Release of 'Terror' Memos Puts Us All in Danger

Release of 'Terror' Memos Puts Us All in Danger

Jack Kelly - April 21, 2009

Barack Obama visited the CIA headquarters in Langley, Virginia Monday in an apparent effort to mitigate the harm he did by making public the so-called "terror" memos which described in explicit detail the coercive interrogation techniques CIA officers used to obtain information from captured al Qaida bigwigs.

Release of the memoranda - which were written by the Justice Department's Office of Legal Counsel between 2002 and 2005 -- was strongly opposed by the four previous CIA directors (two appointed by President George W. Bush, two appointed by President Clinton). The current CIA director, Leon Panetta, did not object to the release in principle, but said the memoranda should have been heavily censored before being made public.

The release of the memoranda means that we are unlikely ever again to get valuable information from terror suspects, because now our enemies know the precise lengths to which our interrogators are willing to go to coerce information, and that those limits stop well short of actually causing the terror suspect injury.

"Public disclosure of the OLC opinions, and thus of the techniques themselves, assures that terrorists are now aware of the absolute limit of what the U.S. government could do to extract information from them and can supplement their training accordingly and thus diminish the effectiveness of these techniques," wrote former Attorney General Michael Mukasey and former CIA Director Michael Hayden in the Wall Street Journal April 17.

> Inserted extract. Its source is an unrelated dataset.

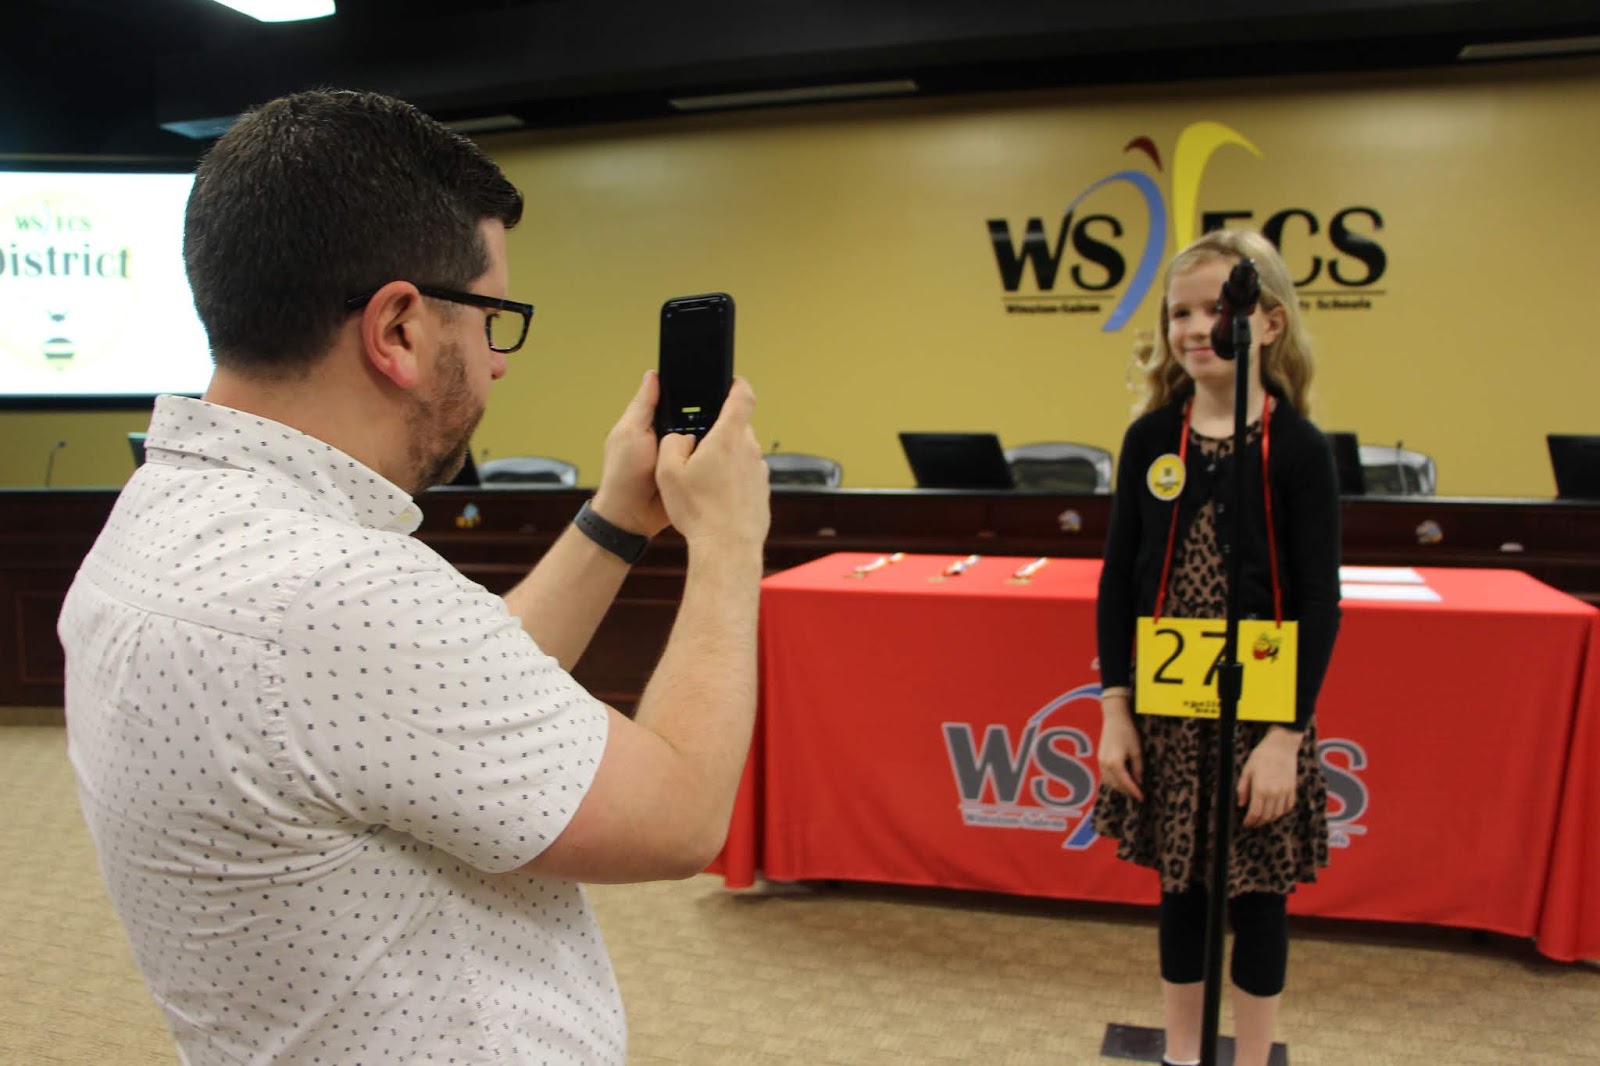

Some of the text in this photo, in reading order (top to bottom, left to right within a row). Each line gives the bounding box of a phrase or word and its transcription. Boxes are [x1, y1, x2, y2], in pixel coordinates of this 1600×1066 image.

[986, 209, 1126, 292] WS
[1152, 628, 1227, 686] 27
[942, 722, 1093, 807] WS

The memoranda make it clear the interrogation techniques were legal. The Congressional leadership -- including current House Speaker Nancy Pelosi - were aware of them and made no objection to them.

Indeed, most of the techniques are used routinely on the pilots and Special Operations Forces personnel who undergo SERE (Survival, Evasion, Resistance, Escape) training.

Despite this, some Democrats in Congress are urging that the CIA interrogators who used these techniques and Justice department lawyers who authorized them be prosecuted. Fear of prosecution in the future for actions that were legal at the time they were conducted will make CIA interrogators more timid, Mr. Hayden said on Fox News Sunday.

"The basic foundation of the limits of the agency's action has shifted from some durability of law to a product of the American political process," Mr. Hayden said. "That puts agency officers in a horrible position. The really dangerous effect of this is that you will have agency officers stepping back from the kinds of things the nation expects them to do."

The vast majority of Americans oppose torture...except possibly to prevent an imminent mass casualty attack. But the Obama administration is defining as "torture" anything that makes captive terrorists uncomfortable. That's insane.

The use of coercive interrogation techniques on a handful of al Qaida bigwigs shames us in the eyes of world opinion, apologists for the Obama administration argue. But is appeasing a "world opinion" that is outraged that the CIA would put a caterpillar in Abu Zubaydah's cell, but utters not a murmur when Al Qaida routinely maims and murders its captives more important than the safety of Americans? How can we appease such a biased and fickle world opinion? And what benefit is there to us if we could?

President Obama went to Langley Monday to assure CIA officers they wouldn't be prosecuted for the interrogation techniques used in the past, even though he described the use of them as "a dark and painful chapter."

"Those methods, read on a bright, sunny safe day in April 2009, appear graphic and disturbing," said the Director of National Intelligence, retired Admiral Dennis Blair. "As the president has made clear, and as both CIA Director Panetta and I have stated, we will not use those techniques in the future. But we will absolutely defend those who relied on these memos and those guidelines."

Mr. Blair speaks as if the threat from Al Qaida is now a thing of the past. If that is so, then what the administration has done may cause us little harm. But if al Qaida is still trying to follow up on the 9/11 attacks, President Obama has made it much easier for them.

Jack Kelly is a columnist for the Pittsburgh Post-Gazette and The Blade of Toledo, Ohio.